Exchange-traded funds (ETFs) are registering increased global interest, and the growth is evident based on the total value of their assets under management.
Data acquired by Finbold indicates that the value of assets under management (AUM) by the ten largest ETFs has surged 47.56% between March 2020 and April 2021, from $1.14 trillion to $1.69 trillion. Therefore the ETFs added $546.63 billion in the last 12 months.
SPDR ranks as the largest ETF, with AUM standing at $356.65 billion, a growth of 34.83% from last year’s figure of $264.51 billion. iShares Core ranks second with $277.58 billion in AUM, while in March last year, the value was $194.92 billion.
Elsewhere, investors showed more interest in specific ETFs, with Invesco QQQ emerging as the biggest gainer at 86.95% to $164.03 billion in April 2021. Vanguard Total Stock Market ETF is the second biggest gainer at 81% to $239.55 billion.
Why ETFs are surging in popularity
The notable growth in assets under management reflects the rising popularity of ETFs driven by increasing interest from investors towards passive income sources alongside awareness about the market. Furthermore, the attractive tax efficiency, cost, liquidity, and transparency nature of ETFs has partly played a role in the popularity.
The benefits of ETFs came into the spotlight in the past year when the coronavirus pandemic resulted in an initial crash of the stock market before the historic rebound. Amid the economic crisis, volatility in the markets spiked, and investors could quickly get in and out of ETFs while moving the risk. In this case, the liquidity of ETFs, unlike other fund structures, was an invaluable feature.
With ETF markets booming during the coronavirus pandemic, millennials have also been a key driver to the sector’s growth. The new generation of investors has explored the index funds to bet on market rallies and global trends.
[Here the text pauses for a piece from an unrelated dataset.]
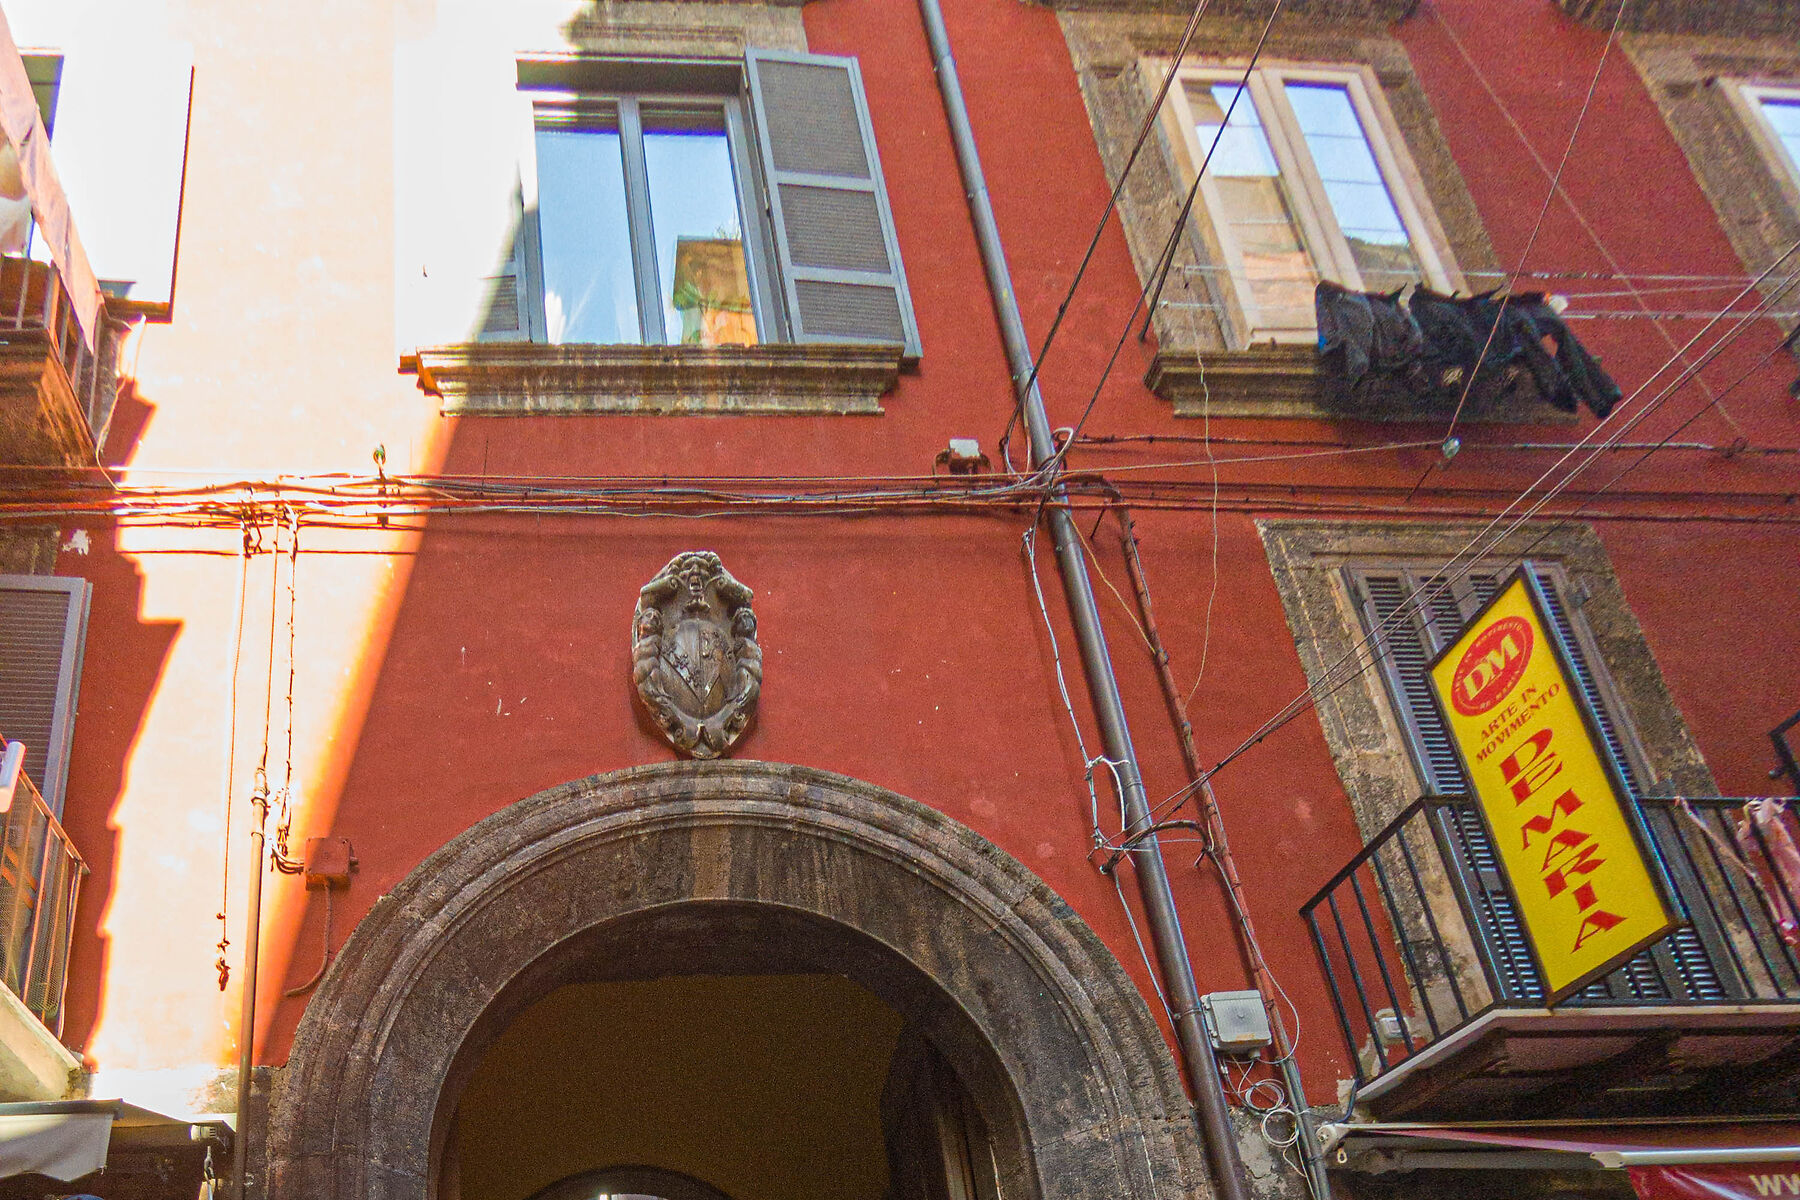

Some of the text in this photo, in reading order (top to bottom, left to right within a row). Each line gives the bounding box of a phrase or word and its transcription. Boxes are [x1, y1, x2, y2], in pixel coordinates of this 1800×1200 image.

In this case, young people who are not familiar with the operations of the financial markets are well-served by using a passive income management approach, and ETFs offer the solutions. ETFs also make it possible to build a diversified portfolio with relatively low investment amounts making it suitable for young people.
Besides millennials, the sector’s growth has also been aided by retail investors who are occupied by other jobs but need to earn passively. The nature of the ETF market is perfect for investors with minimal time and unable to participate in trading on a regular basis.
Response to pandemic boosts ETF markets
Over the past year, the growth of the ETF market was also boosted by the massive stimulus packages by governments to help revive the financial markets amid the economic meltdown.
Governments have slashed interest rates and expanded bond-buying programs to stabilize financial markets in rolling out the stimulus plans. Notably, these measures have been aggressive in return encouraging investors to participate in the ETF market.
Furthermore, for the United States, confidence was boosted by the Federal Reserve’s decision to use fixed-income ETFs to help strengthen the bond market. This was considered a vote of confidence in the sector from the bank.
Before the pandemic, the ETF market was still growing. However, some skeptical financial figures had predicted the market would crumble in case of a financial crisis. It could eventually see a severe contraction. The prediction of violent correction has been proven wrong based on the market’s rapid expansion in recent months.
What are the exchange-traded funds (ETFs)?
ETFs are a form of security that tracks an index, sector, commodity alongside other assets and can be traded on the stock market like regular stocks. ETFs usually track individual commodities, a collection of securities, or even be tailored to monitor specified investment approaches.